- **DATA SECTION**
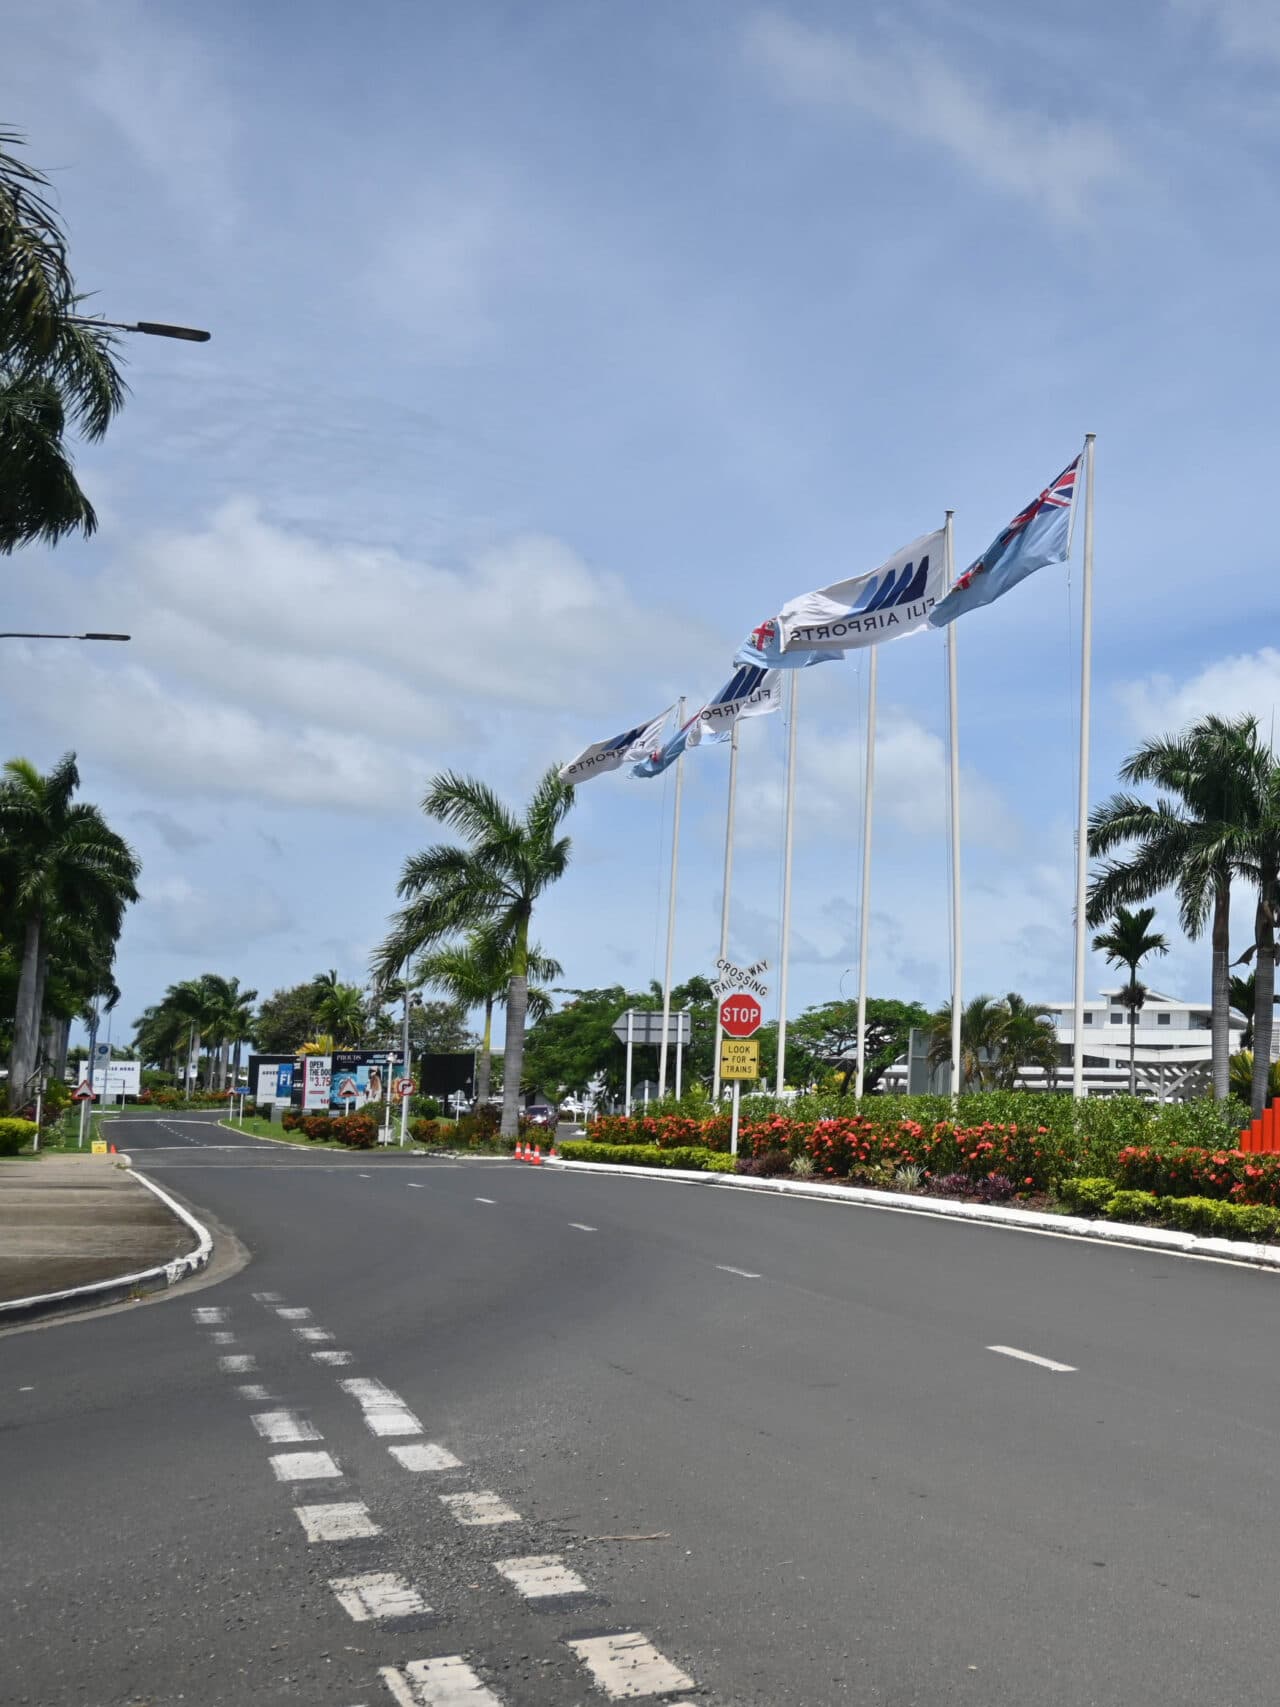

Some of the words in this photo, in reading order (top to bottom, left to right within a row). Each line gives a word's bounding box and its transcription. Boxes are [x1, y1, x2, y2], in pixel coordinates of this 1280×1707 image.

[714, 978, 737, 995] RAIL
[748, 960, 769, 977] WAY
[716, 959, 768, 997] CROSSING
[722, 1007, 759, 1023] STOP
[728, 1046, 751, 1054] LOOK
[309, 1060, 324, 1069] OPEN
[726, 1065, 752, 1074] TRAINS

- **WORK TO COMPLETE**
Write out every record above exactly as it stands, but leave out the pictures.

- **SOLVED PROBLEM**
Some of the words in this photo, in reading order (top to bottom, left to right within a row). Each line gives a word's bounding box and its transcription. Boxes are [x1, y1, x2, y2], in pixel coordinates of this 1280×1707 image.

[714, 978, 737, 995] RAIL
[748, 960, 769, 977] WAY
[716, 959, 768, 997] CROSSING
[722, 1007, 759, 1023] STOP
[728, 1046, 751, 1054] LOOK
[309, 1060, 324, 1069] OPEN
[726, 1065, 752, 1074] TRAINS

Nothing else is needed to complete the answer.